Stored data entries:

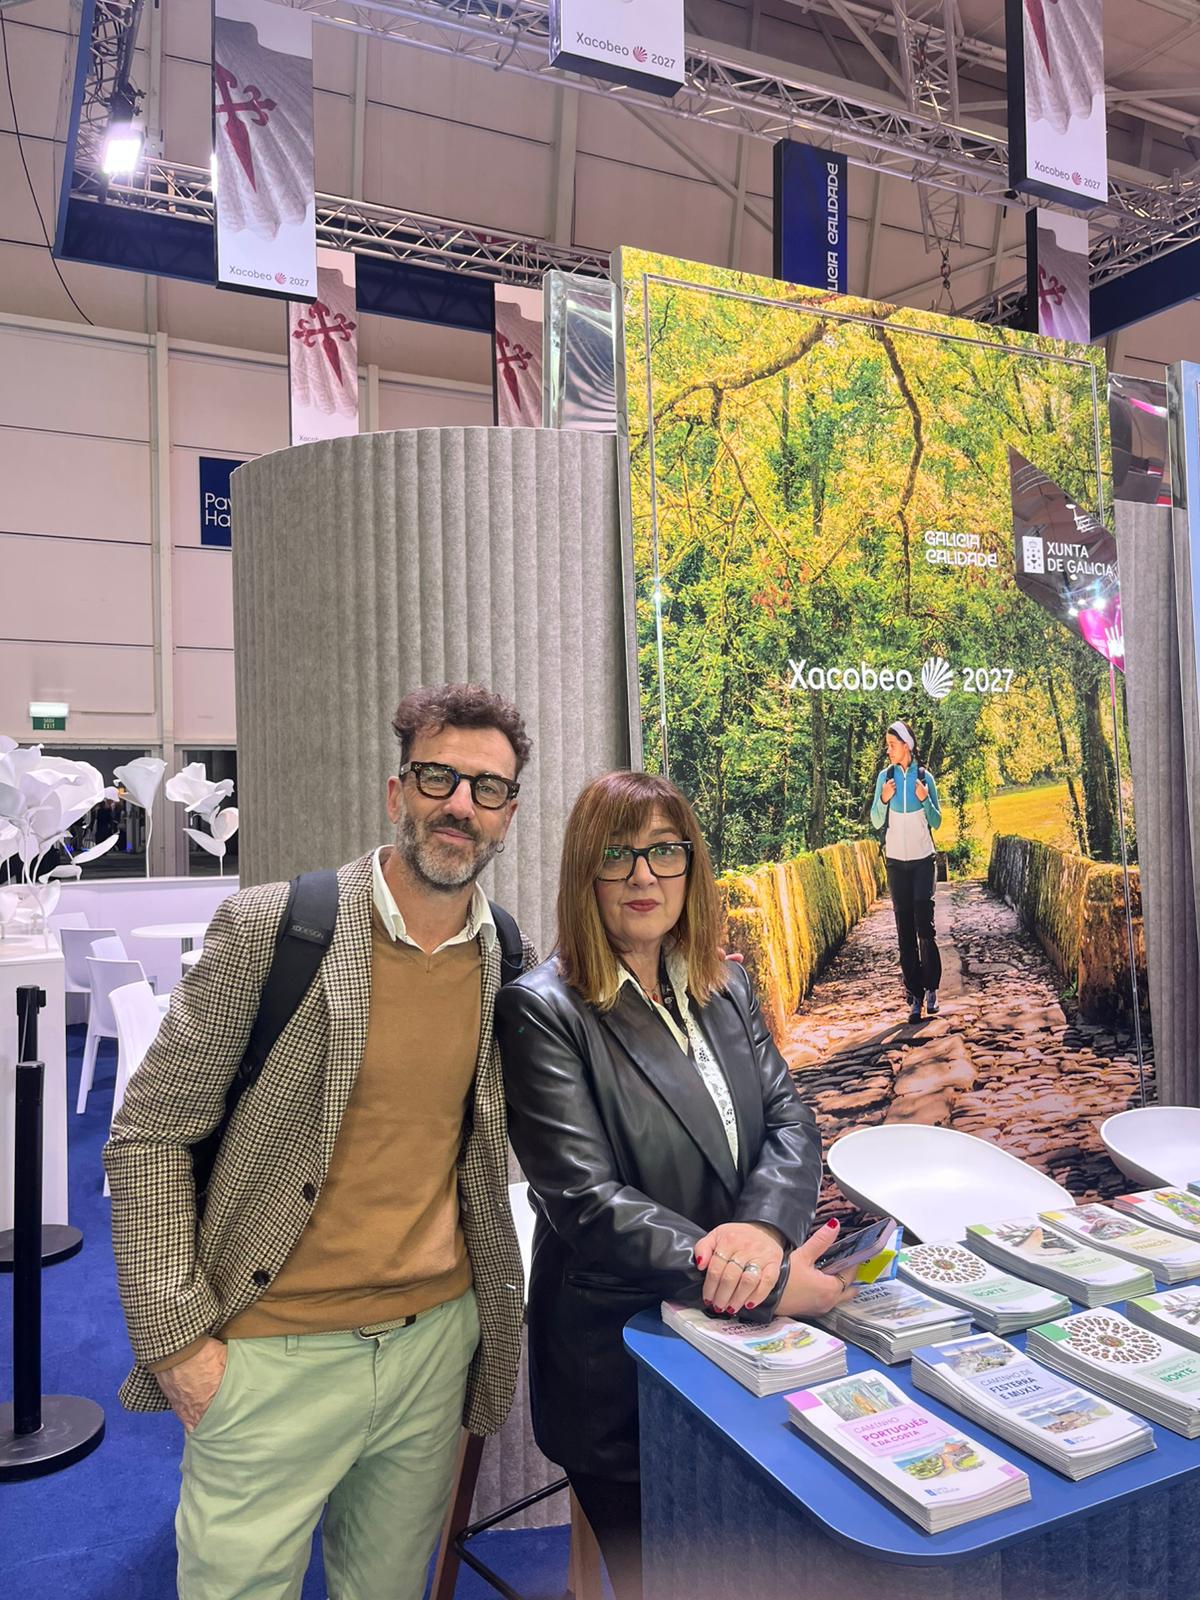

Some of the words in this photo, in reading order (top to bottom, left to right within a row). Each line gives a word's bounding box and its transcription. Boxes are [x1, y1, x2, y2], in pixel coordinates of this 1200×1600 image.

[576, 32, 629, 56] Xacobeo
[651, 54, 676, 69] 2027
[1034, 160, 1070, 181] Xacobeo
[1083, 177, 1101, 190] 2027
[827, 162, 839, 245] CALIDADE
[229, 264, 272, 281] Xacobeo
[289, 276, 310, 287] 2027
[924, 530, 981, 549] GALICIA
[925, 549, 999, 568] CALIDADE
[1046, 541, 1089, 559] XUNTA
[1047, 558, 1064, 573] DE
[1066, 560, 1114, 577] GALICIA
[788, 658, 913, 692] Xacobeo
[961, 667, 1014, 693] 2027
[1160, 1367, 1197, 1383] NORTE
[989, 1376, 1038, 1394] FISTERRA
[1000, 1392, 1008, 1400] E
[862, 1417, 929, 1442] PORTUGUÊS
[878, 1438, 892, 1447] DA
[891, 1430, 921, 1444] COSTA

TASK GOAL:
Pictures aside, retype all of the entries word for word.

ANSWER SPACE:
Some of the words in this photo, in reading order (top to bottom, left to right within a row). Each line gives a word's bounding box and its transcription. Boxes are [x1, y1, x2, y2], in pixel coordinates of this 1200×1600 image.

[576, 32, 629, 56] Xacobeo
[651, 54, 676, 69] 2027
[1034, 160, 1070, 181] Xacobeo
[1083, 177, 1101, 190] 2027
[827, 162, 839, 245] CALIDADE
[229, 264, 272, 281] Xacobeo
[289, 276, 310, 287] 2027
[924, 530, 981, 549] GALICIA
[925, 549, 999, 568] CALIDADE
[1046, 541, 1089, 559] XUNTA
[1047, 558, 1064, 573] DE
[1066, 560, 1114, 577] GALICIA
[788, 658, 913, 692] Xacobeo
[961, 667, 1014, 693] 2027
[1160, 1367, 1197, 1383] NORTE
[989, 1376, 1038, 1394] FISTERRA
[1000, 1392, 1008, 1400] E
[862, 1417, 929, 1442] PORTUGUÊS
[878, 1438, 892, 1447] DA
[891, 1430, 921, 1444] COSTA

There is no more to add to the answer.